Work to complete: Repeat these records exactly, pictures excluded.

Supplied entries:

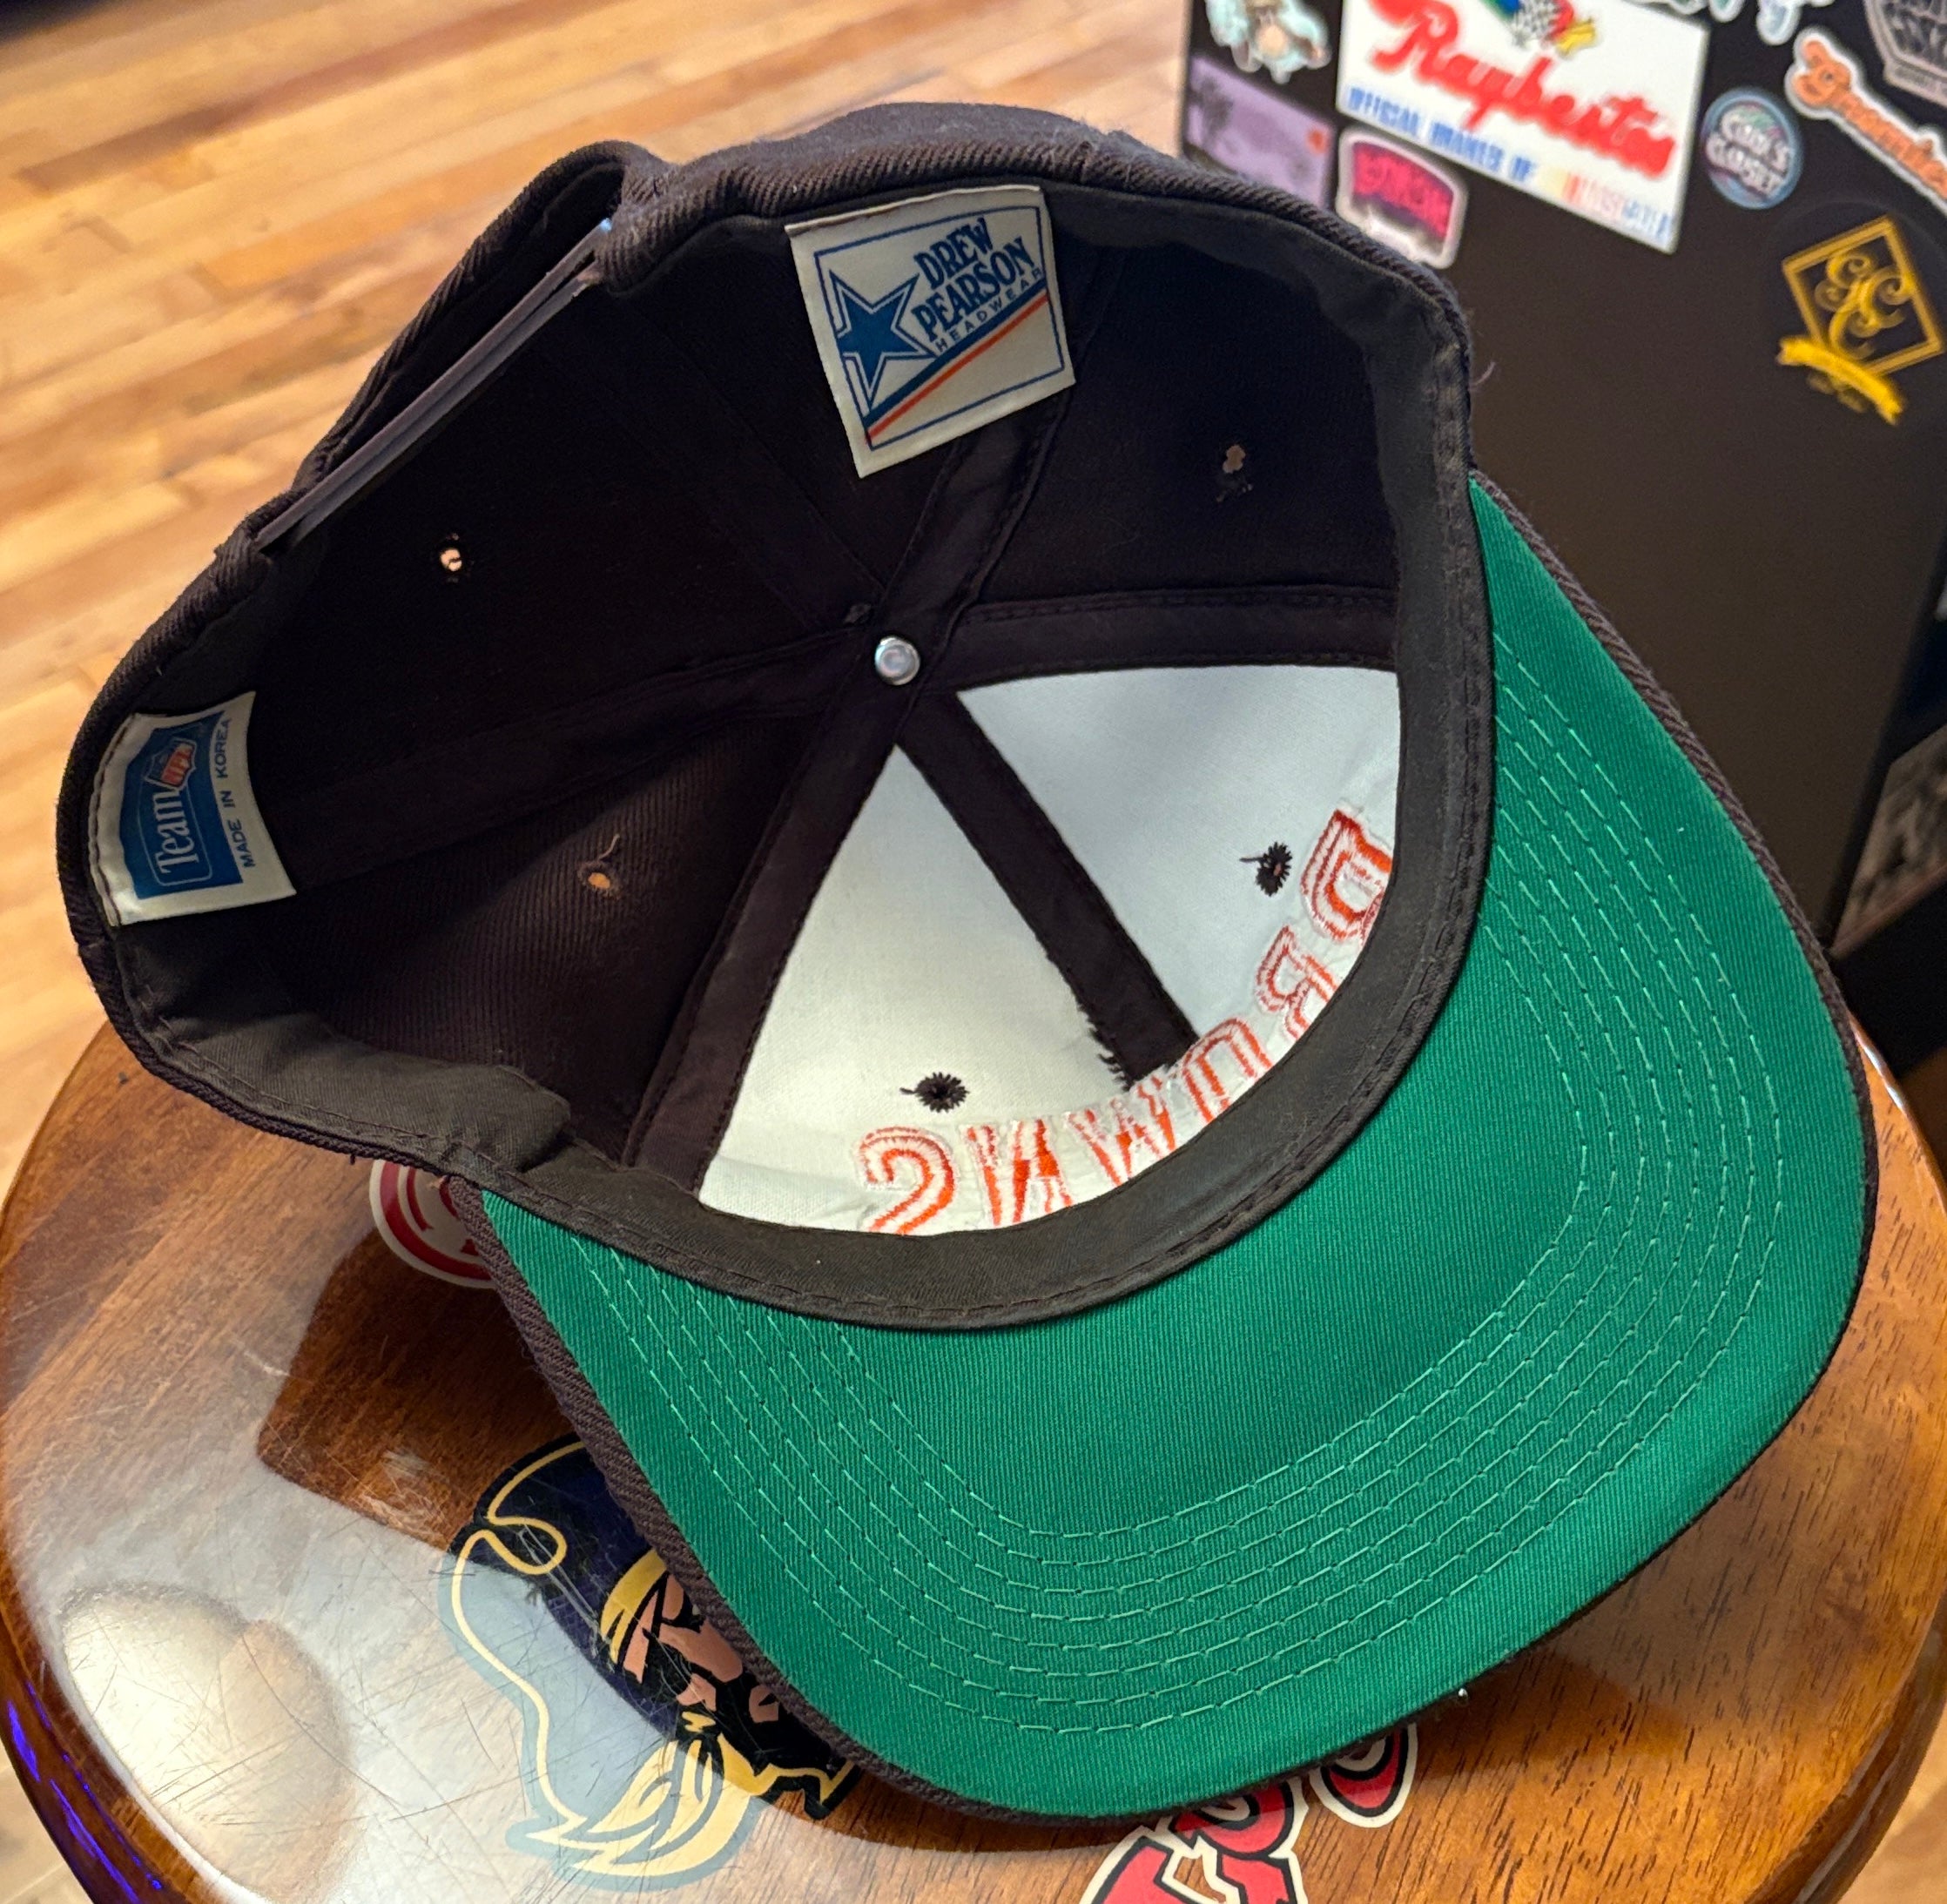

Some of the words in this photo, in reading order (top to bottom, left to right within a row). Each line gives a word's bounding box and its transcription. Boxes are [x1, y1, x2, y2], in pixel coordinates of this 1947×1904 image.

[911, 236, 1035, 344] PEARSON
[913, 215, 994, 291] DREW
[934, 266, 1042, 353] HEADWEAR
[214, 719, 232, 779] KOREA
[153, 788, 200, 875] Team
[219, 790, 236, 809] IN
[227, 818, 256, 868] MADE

Solution for this exercise:
Some of the words in this photo, in reading order (top to bottom, left to right within a row). Each line gives a word's bounding box and its transcription. Boxes are [x1, y1, x2, y2], in pixel coordinates of this 1947×1904 image.

[911, 236, 1035, 344] PEARSON
[913, 215, 994, 291] DREW
[934, 266, 1042, 353] HEADWEAR
[214, 719, 232, 779] KOREA
[153, 788, 200, 875] Team
[219, 790, 236, 809] IN
[227, 818, 256, 868] MADE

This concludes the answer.